In der Tat bewegen sich die Kosten für Kamerauntersuchung und Spülung in einem Rahmen, den – je nach Aufwand und Zeit – auch andere Firmen im Internet angeben.
Drei Verträge über insgesamt mehr als 13.000 Euro
So richtig Fahrt nahm die Rechnung dann aber auf durch einen Extra-Wunsch der Seniorin, die seit 1963 in ihrem Haus wohnt: Die Waschmaschine im Keller sollte besser an das Abwasserrohr angeschlossen werden, was einen weiteren Auftrag, das Loch im Rasen und die Furche im Kellerboden zur Folge hatte.
Unterschrieben hat die 88-Jährige am Ende drei Verträge für unterschiedliche Arbeiten über 470,05 Euro, 2856 Euro und 10.347,05 Euro, alles inklusive Mehrwertsteuer, insgesamt sind das 13.673,10 Euro.
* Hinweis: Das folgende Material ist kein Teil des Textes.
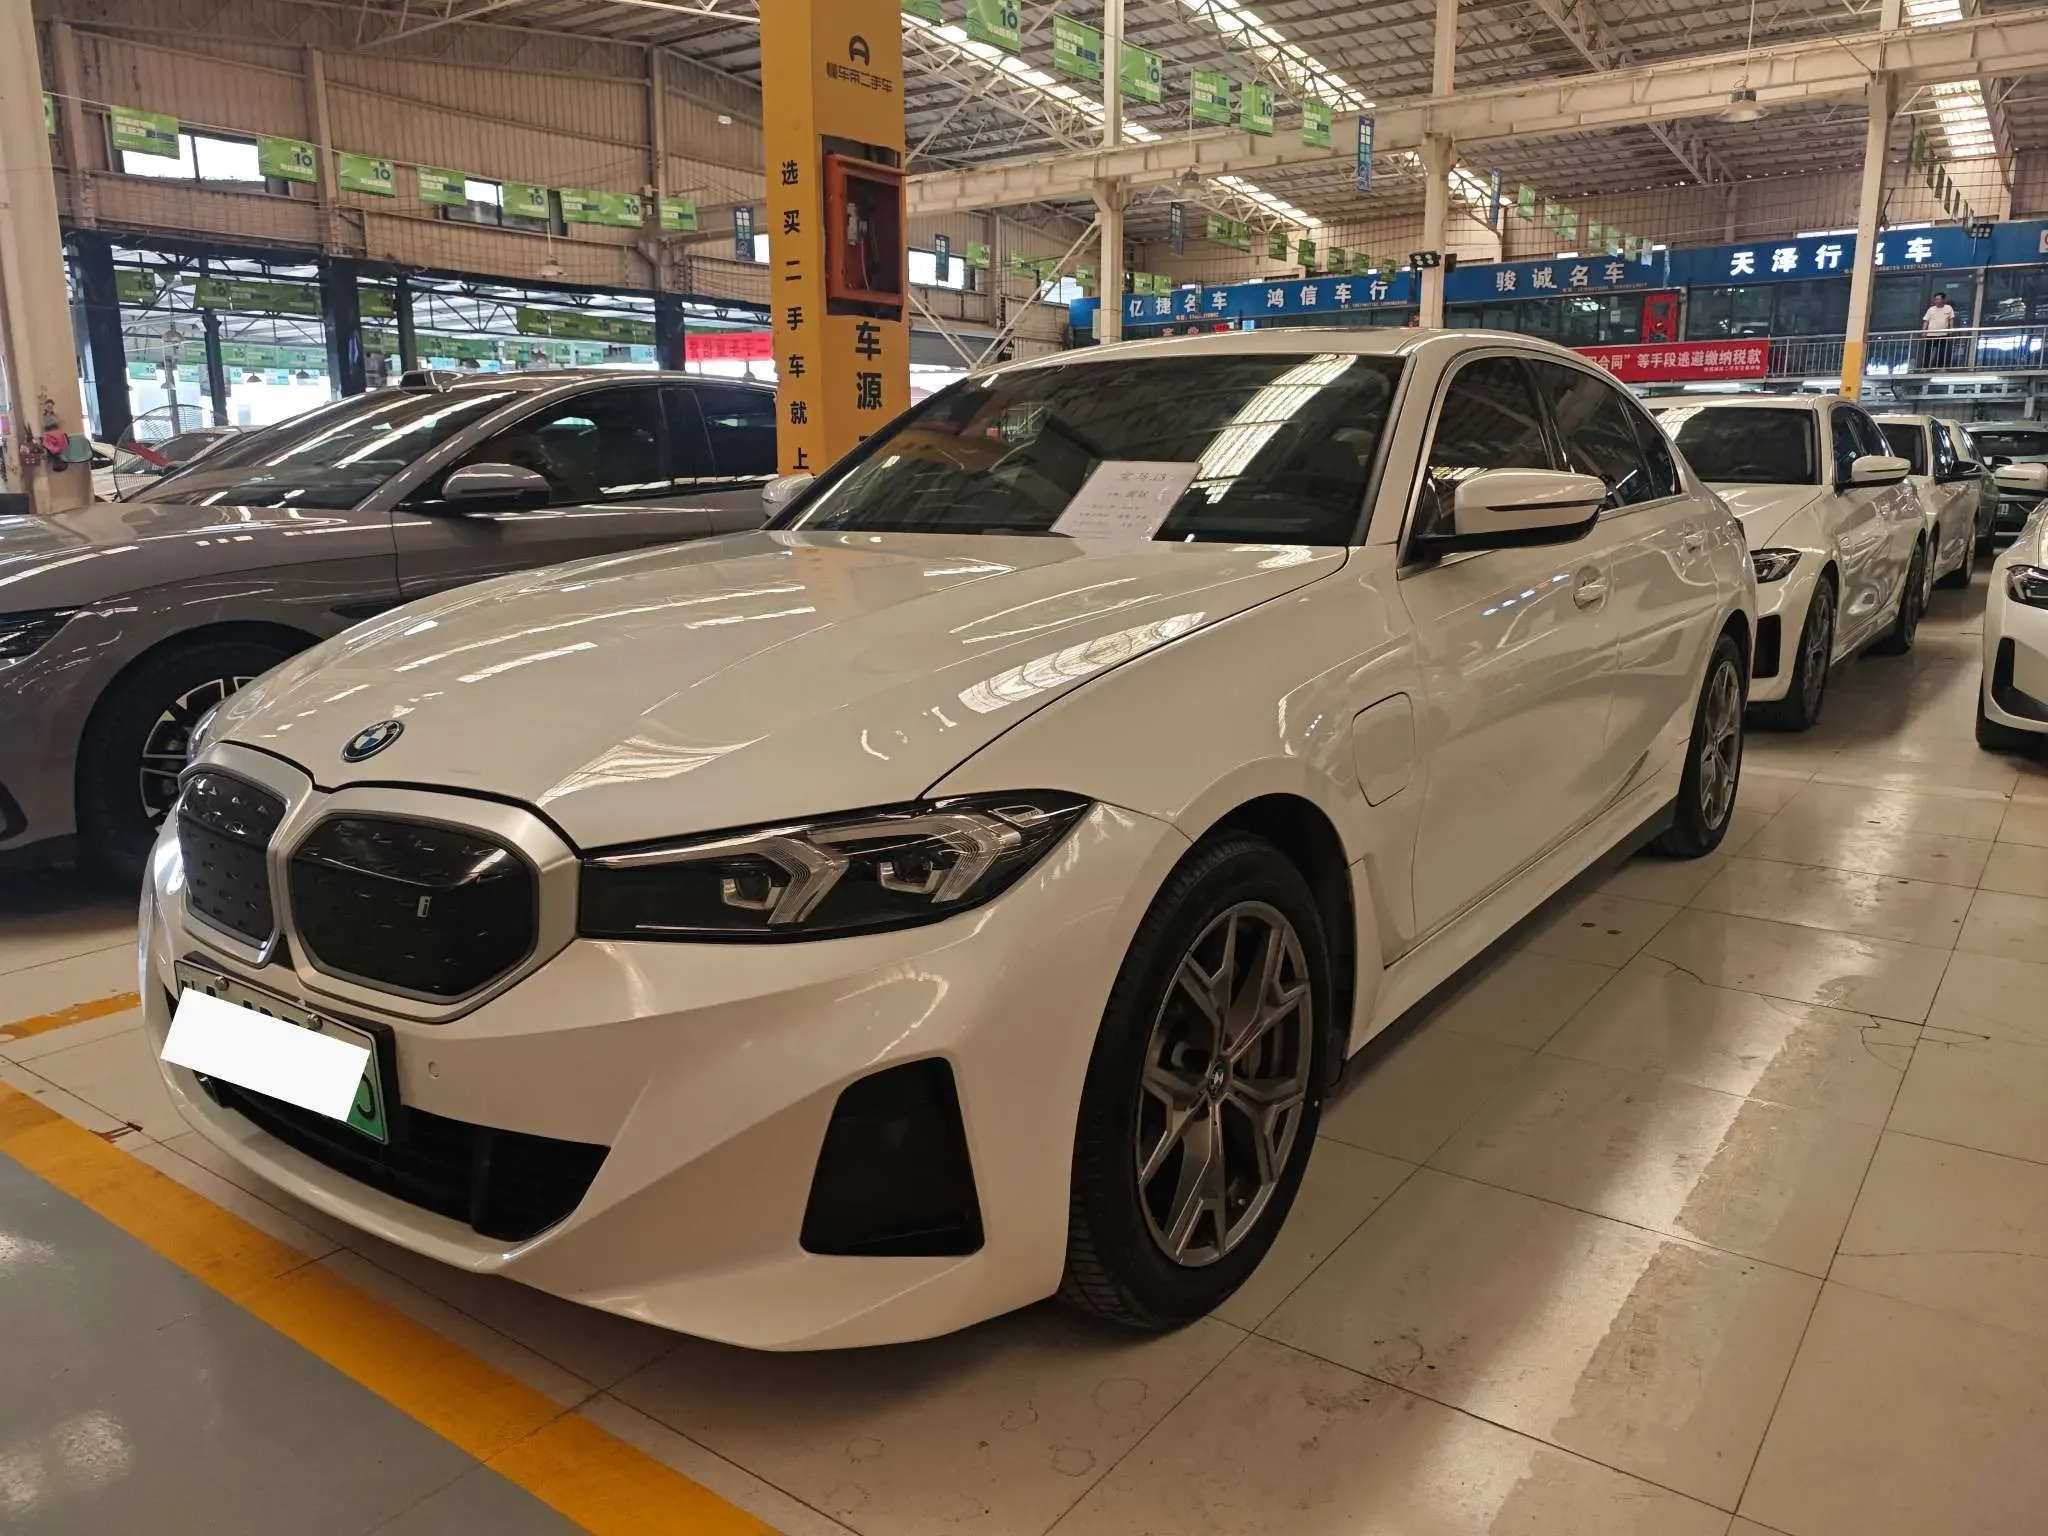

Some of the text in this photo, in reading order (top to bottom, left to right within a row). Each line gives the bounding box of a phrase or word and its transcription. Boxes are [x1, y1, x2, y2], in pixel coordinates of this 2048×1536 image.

[1000, 8, 1018, 29] 10
[294, 151, 312, 167] 10
[372, 167, 391, 181] 10
[1496, 261, 1625, 292] 骏诚名车
[1129, 291, 1228, 318] 亿捷名车
[1267, 280, 1389, 308] 鸿信车行
[781, 159, 809, 471] 选买二手车就上
[855, 320, 883, 442] 车源
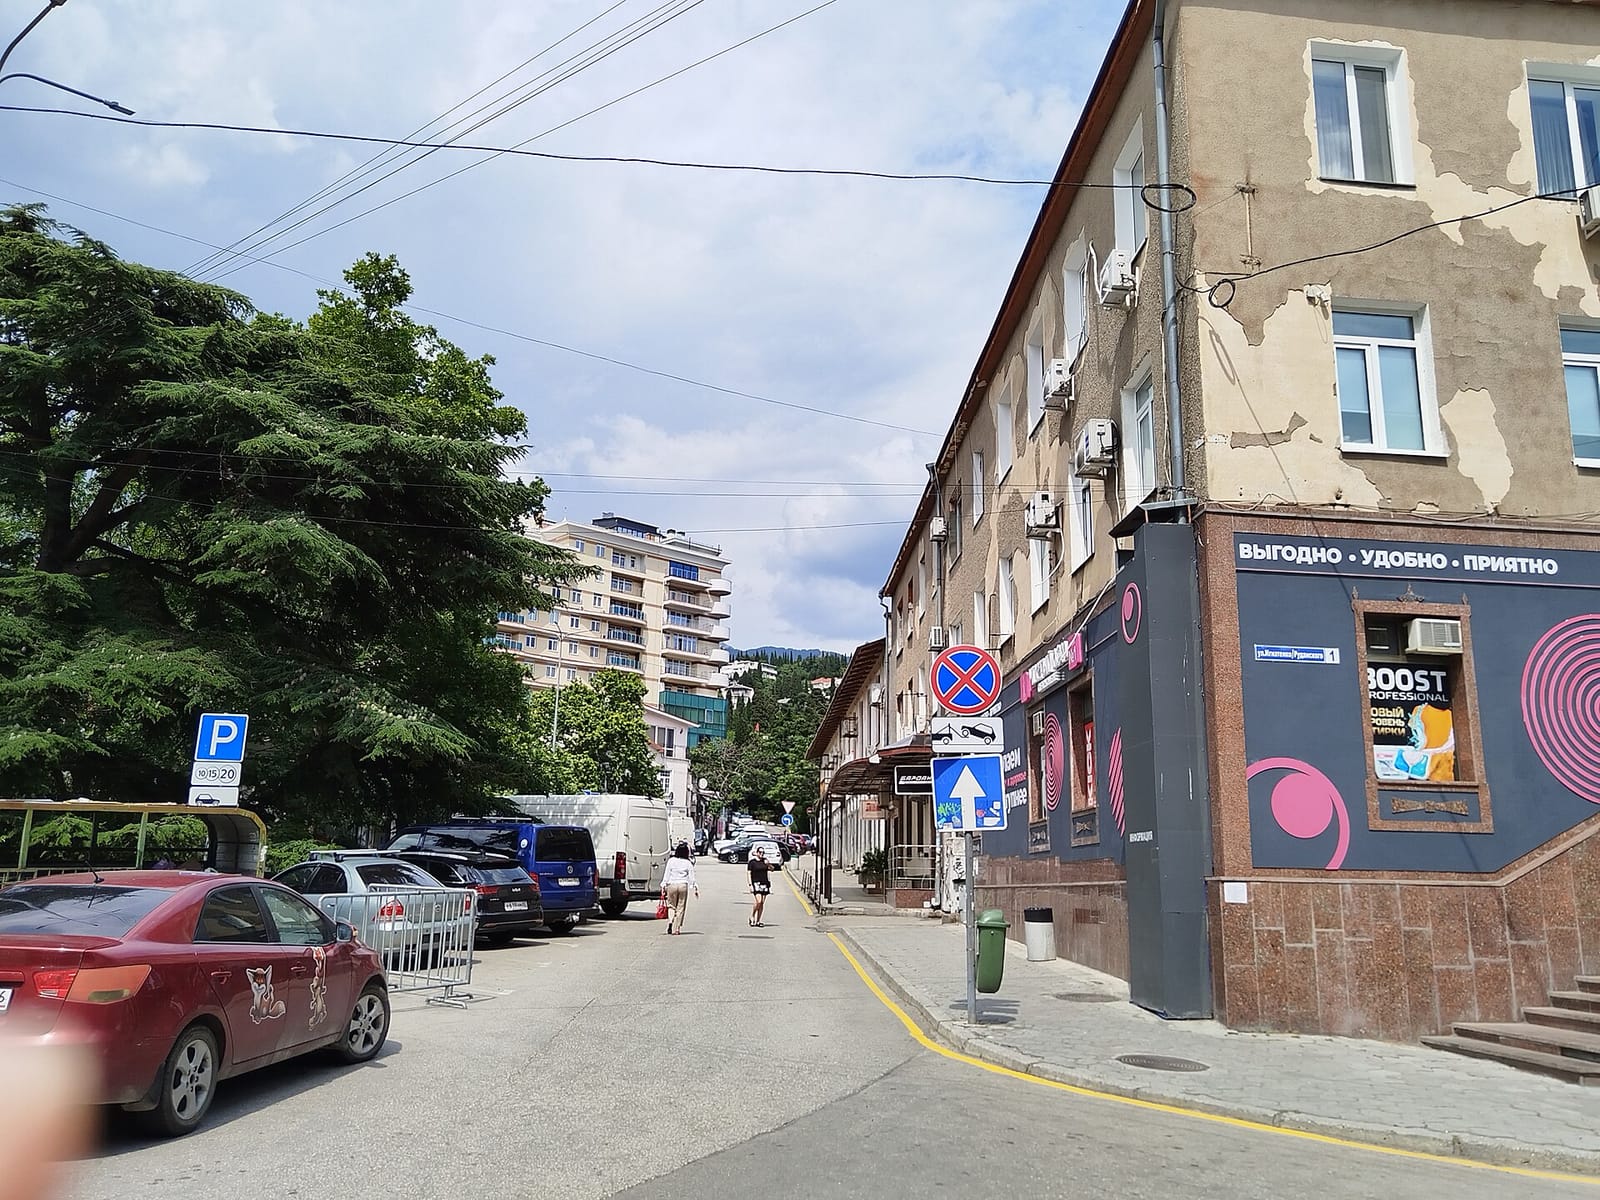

Und eine Zustimmung zur Ausführung der Dienstleistungen vor Ablauf der 14-tägigen Widerrufsfrist.
„Wie soll sie denn das bezahlen?“, fragt ihre Tochter Sabrina Maßmann konsterniert. „Meine Mutter war mit den Handwerkern allein im Haus und hatte Angst, ,Nein’' zu sagen“, erklärt sie die Auftragsvermehrung. Die Seniorin sei unter Druck geraten und mit der Situation schlichtweg überfordert gewesen.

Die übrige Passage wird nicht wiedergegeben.